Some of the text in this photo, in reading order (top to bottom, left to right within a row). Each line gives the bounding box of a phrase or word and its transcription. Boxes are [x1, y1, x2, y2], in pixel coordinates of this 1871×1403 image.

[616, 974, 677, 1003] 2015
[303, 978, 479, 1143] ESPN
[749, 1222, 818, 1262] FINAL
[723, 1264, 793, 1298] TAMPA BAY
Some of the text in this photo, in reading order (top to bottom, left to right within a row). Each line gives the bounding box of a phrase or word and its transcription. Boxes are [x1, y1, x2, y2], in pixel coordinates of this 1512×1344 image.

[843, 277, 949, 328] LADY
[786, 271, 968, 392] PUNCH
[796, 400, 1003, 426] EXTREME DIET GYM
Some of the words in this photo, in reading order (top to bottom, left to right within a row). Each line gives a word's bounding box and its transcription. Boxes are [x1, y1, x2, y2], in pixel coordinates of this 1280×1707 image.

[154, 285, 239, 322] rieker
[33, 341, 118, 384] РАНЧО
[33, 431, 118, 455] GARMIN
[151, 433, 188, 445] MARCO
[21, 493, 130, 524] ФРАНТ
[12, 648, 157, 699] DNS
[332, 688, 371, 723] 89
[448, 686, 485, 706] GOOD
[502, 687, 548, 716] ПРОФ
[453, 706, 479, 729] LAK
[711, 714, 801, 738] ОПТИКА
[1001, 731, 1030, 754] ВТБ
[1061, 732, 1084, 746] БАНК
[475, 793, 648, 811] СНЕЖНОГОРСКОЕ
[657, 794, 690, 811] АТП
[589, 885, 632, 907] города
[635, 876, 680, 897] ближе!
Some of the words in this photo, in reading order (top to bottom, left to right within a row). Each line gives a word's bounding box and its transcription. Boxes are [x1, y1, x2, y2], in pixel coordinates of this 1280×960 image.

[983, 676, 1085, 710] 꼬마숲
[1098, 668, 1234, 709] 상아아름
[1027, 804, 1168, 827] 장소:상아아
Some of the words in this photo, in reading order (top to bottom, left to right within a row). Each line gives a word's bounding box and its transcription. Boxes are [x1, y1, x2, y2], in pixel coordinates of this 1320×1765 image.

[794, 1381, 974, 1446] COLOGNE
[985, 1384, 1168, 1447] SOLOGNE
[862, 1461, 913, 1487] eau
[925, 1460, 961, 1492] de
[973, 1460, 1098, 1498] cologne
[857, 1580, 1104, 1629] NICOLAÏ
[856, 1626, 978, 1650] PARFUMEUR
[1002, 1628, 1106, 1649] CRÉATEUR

====

● **Exercise goal**:
Write out the records again so that each line matches the original exactly.

● **Written solution**:
Some of the text in this photo, in reading order (top to bottom, left to right within a row). Each line gives the bounding box of a phrase or word and its transcription. Boxes are [x1, y1, x2, y2], in pixel coordinates of this 1871×1403 image.

[616, 974, 677, 1003] 2015
[303, 978, 479, 1143] ESPN
[749, 1222, 818, 1262] FINAL
[723, 1264, 793, 1298] TAMPA BAY
Some of the text in this photo, in reading order (top to bottom, left to right within a row). Each line gives the bounding box of a phrase or word and its transcription. Boxes are [x1, y1, x2, y2], in pixel coordinates of this 1512×1344 image.

[843, 277, 949, 328] LADY
[786, 271, 968, 392] PUNCH
[796, 400, 1003, 426] EXTREME DIET GYM
Some of the words in this photo, in reading order (top to bottom, left to right within a row). Each line gives a word's bounding box and its transcription. Boxes are [x1, y1, x2, y2], in pixel coordinates of this 1280×1707 image.

[154, 285, 239, 322] rieker
[33, 341, 118, 384] РАНЧО
[33, 431, 118, 455] GARMIN
[151, 433, 188, 445] MARCO
[21, 493, 130, 524] ФРАНТ
[12, 648, 157, 699] DNS
[332, 688, 371, 723] 89
[448, 686, 485, 706] GOOD
[502, 687, 548, 716] ПРОФ
[453, 706, 479, 729] LAK
[711, 714, 801, 738] ОПТИКА
[1001, 731, 1030, 754] ВТБ
[1061, 732, 1084, 746] БАНК
[475, 793, 648, 811] СНЕЖНОГОРСКОЕ
[657, 794, 690, 811] АТП
[589, 885, 632, 907] города
[635, 876, 680, 897] ближе!
Some of the words in this photo, in reading order (top to bottom, left to right within a row). Each line gives a word's bounding box and its transcription. Boxes are [x1, y1, x2, y2], in pixel coordinates of this 1280×960 image.

[983, 676, 1085, 710] 꼬마숲
[1098, 668, 1234, 709] 상아아름
[1027, 804, 1168, 827] 장소:상아아
Some of the words in this photo, in reading order (top to bottom, left to right within a row). Each line gives a word's bounding box and its transcription. Boxes are [x1, y1, x2, y2], in pixel coordinates of this 1320×1765 image.

[794, 1381, 974, 1446] COLOGNE
[985, 1384, 1168, 1447] SOLOGNE
[862, 1461, 913, 1487] eau
[925, 1460, 961, 1492] de
[973, 1460, 1098, 1498] cologne
[857, 1580, 1104, 1629] NICOLAÏ
[856, 1626, 978, 1650] PARFUMEUR
[1002, 1628, 1106, 1649] CRÉATEUR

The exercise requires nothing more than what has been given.